ABA comes to drug traffickers' rescue
Once again, the legal vultures at The American Bar Association are out to rid America of its foulest menace. No, not repeat offenders, but the far more insidious "tough on crime" legislation that has lead to a steady reduction in the crime rate for more than a decade (including a drop in murders from 9.6 per 100,000 people in 1991 to 5.6 in 2002). On the ABA chopping block are the mandatory minimum sentences, the so—called "three—strikes legislation," and those barriers to the revolving prison door that came in after a crime wave deluged American cities in the 1980s. Now, after nearly 14 years of declining crime rates, the self—proclaimed 'national representative of the legal profession' says it's time for a change.
"We can no longer sit by as more and more people—particularly in minority communities—are sent away for longer and longer periods of time,"
ABA President Dennis Archer announced last Tuesday at a news conference. In October last year Archer formed the ABA Justice Kennedy Commission to address the
'inadequacies — and the injustices — in our prison and correctional systems'
identified by Justice Anthony Kennedy in his speech to the 2003 ABA Annual Meeting. The recommendations will be considered by the ABA's governing body for adoption as policy at its Annual Meeting in August.
The report is a familiar rehash of crime statistics showing the U.S. imprisons more people than any other country in the world, with more than 2.1 million people behind bars. But its pages are noticeably silent on the reasons why so many Americans are locked up. This doesn't seem to be important. What is important —— at least to the ABA —— is that fewer offenders go to jail. How few is enough? Today, a person who commits a serious crime has a better than 98 percent chance of avoiding prison. If the ABA's recommendations are taken into account that figure will doubtless rise.
As UCLA researcher James Q. Wilson has shown, most criminals are young (between 14—21) and white, but beyond that social scientists are at a loss to explain the causes of crime. Liberals of course blame poverty, but are equally unable to explain why crime rates soared in the Sixties and Seventies, as aid to the poor soared, and leveled off with Welfare Reform.
Besides reducing the number of criminals who patronize our prisons, the ABA recommends government smother convicts with more of our super—effective social and educational programs. "We have to remember that roughly 95 percent of the people we lock up eventually get out," said Stephen A. Saltzburg, chair of the ABA Justice Kennedy Commission.
"Our communities will be safer and our corrections budgets less strained if we better prepared inmates to successfully reenter society without returning to a life of crime.'
But most inmates already have the pick of a cornucopia of betterment programs, including free GED or college classes, job skills mentoring, and access to the same jobs programs and employment assistance as every one else. Yet despite all these giveaways, one—third of the more than 650,000 inmates released this year will return to prison. The reason is not because inmates do not have enough options or government assistance; it is simply easier to get rich quick selling drugs. One—fourth of the nation's inmates are in prison because of drug—related crimes, according to Justice Department stats. And these are the ones with the highest recidivist rates.
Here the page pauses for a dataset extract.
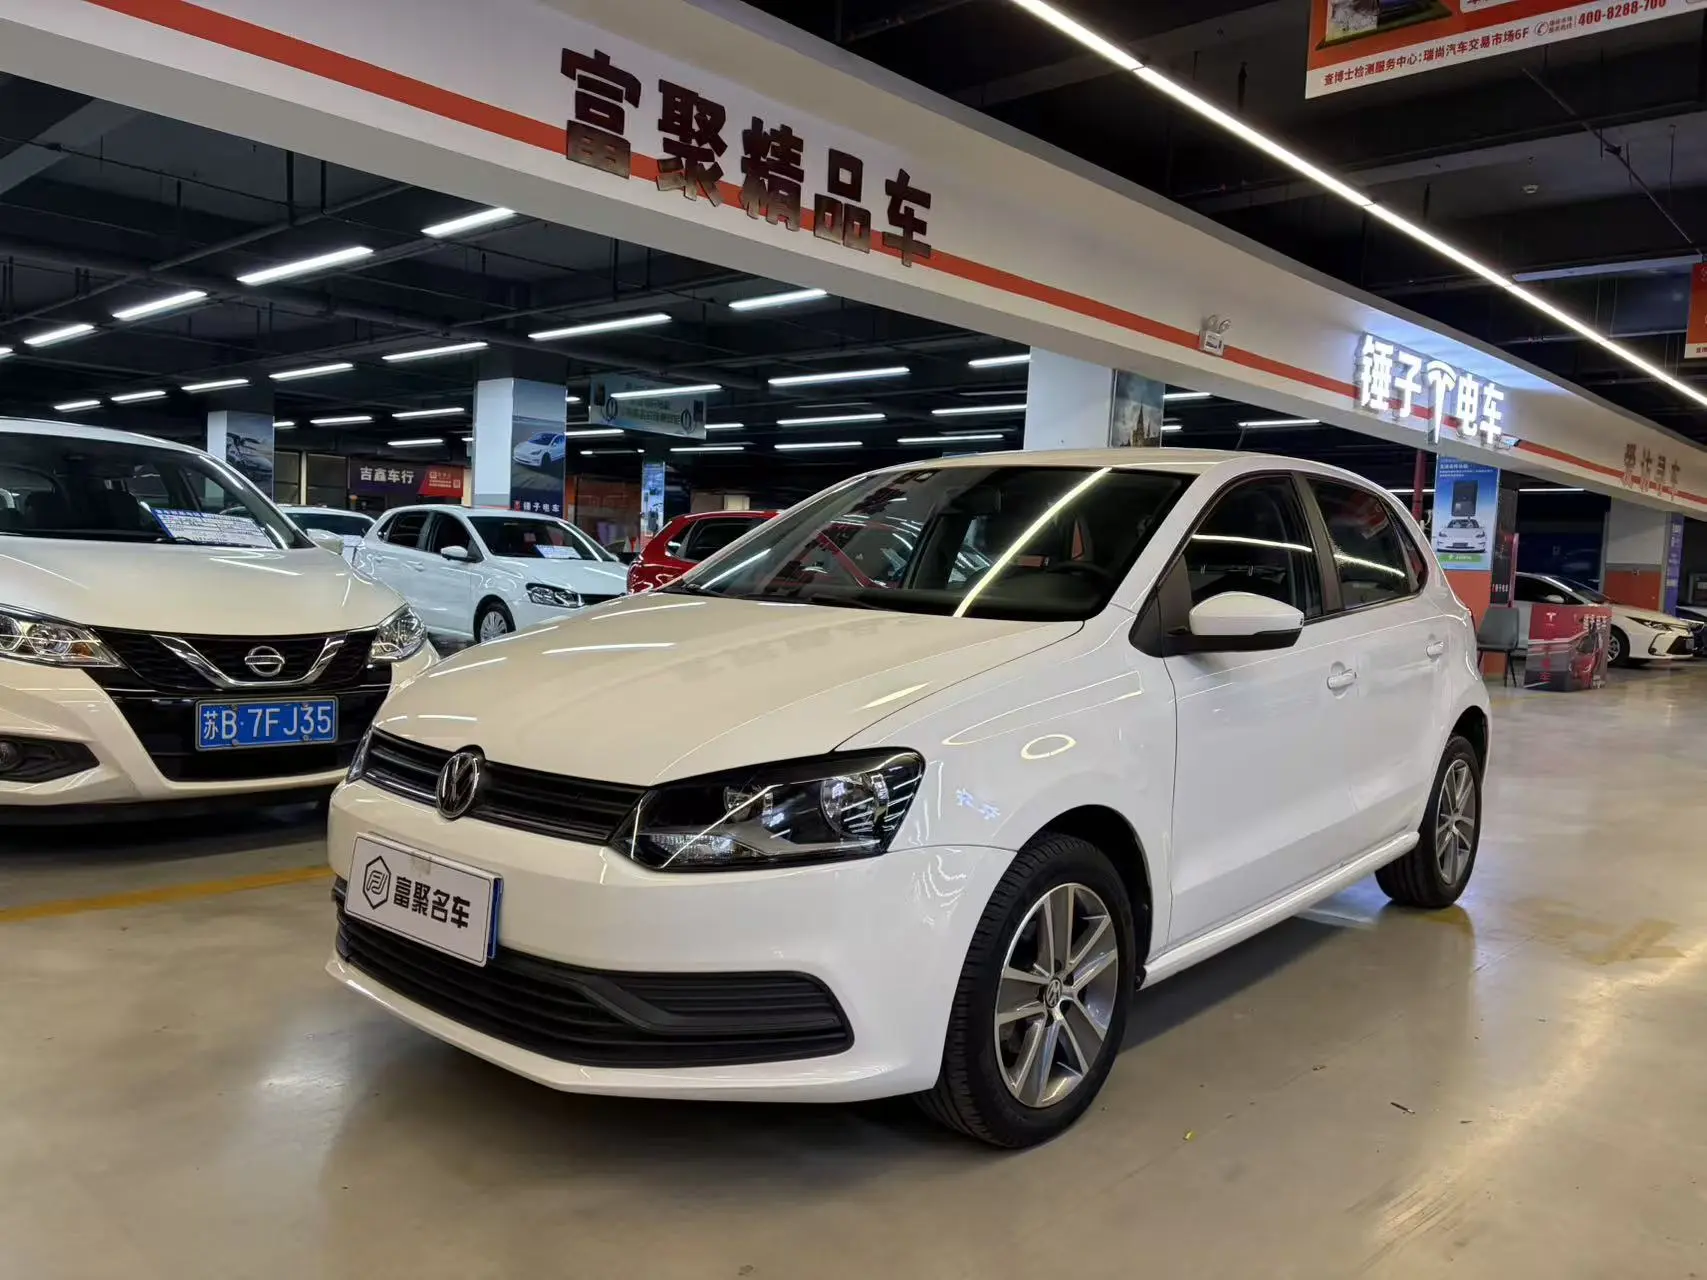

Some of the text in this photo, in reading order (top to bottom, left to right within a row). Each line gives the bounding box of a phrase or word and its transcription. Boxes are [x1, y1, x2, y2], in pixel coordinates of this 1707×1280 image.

[560, 47, 931, 267] 富聚精品车
[360, 466, 414, 484] 吉鑫车行
[393, 875, 471, 929] 富聚名车
The Martha Stewarts and the middle—aged guys who murder their wives for the insurance money are not the ones keeping the doors of the prison system spinning like the windows of Vegas slot machine. And yet the ABA's report concludes that 'mandatory minimum sentences tend to be tough on the wrong people,' referring to our old friends the drug traffickers, the same folks responsible for much of the bloody gang warfare that in the eighties and nineties laid waste to large swaths of the inner city.
Will the ABA's recommendations to reduce the time drug traffickers spend in prison prevent drug traffickers from trafficking in drugs? Don't be silly. It may get them back on the streets quicker, which is a good thing for those yuppies looking to score some primo coke. According to USA Today, in 2002, Kentucky
"ordered every prisoner convicted of non—violent drug and property crimes to be released 90 days early. That plan was suspended a year later after an outcry over repeat offenses committed by some new parolees."
As Kentucky goes, so goes the nation.
It is a tragedy that African American males born in 2004 have a 1 in 3 chance of being incarcerated sometime during their lifetime, compared to a 1 in 17 chance for white males, and that in some cities more than half of young African—American men are under the supervision of the criminal justice system. So what is the ABA's recommendation to turn this problem around? The commission recommends repealing mandatory minimum sentences, expanding the use of executive clemency to reduce sentences, combating racial profiling, funding vague community partnerships, and finally establishing criminal justice racial and ethnic task forces to study and make even more recommendations concerning racial and ethnic disparity in the various stages of the criminal justice process.
Fortunately few policymakers take any ABA recommendations seriously. One of President Bush's first actions in office was to end the tradition of providing the ABA Standing Committee on the Federal Judiciary with the names of White House judicial nominees before they are made public. This, according to the Wall Street Journal, meant the ABA was finally acknowledged for what it really is: a political interest group with liberal leanings.
In his 1994 book Thinking About Crime, James Q. Wilson wrote that criminal behavior was simply a rational choice made by rational beings. If so, the ABA recommendations will only make crime a more reasonable option.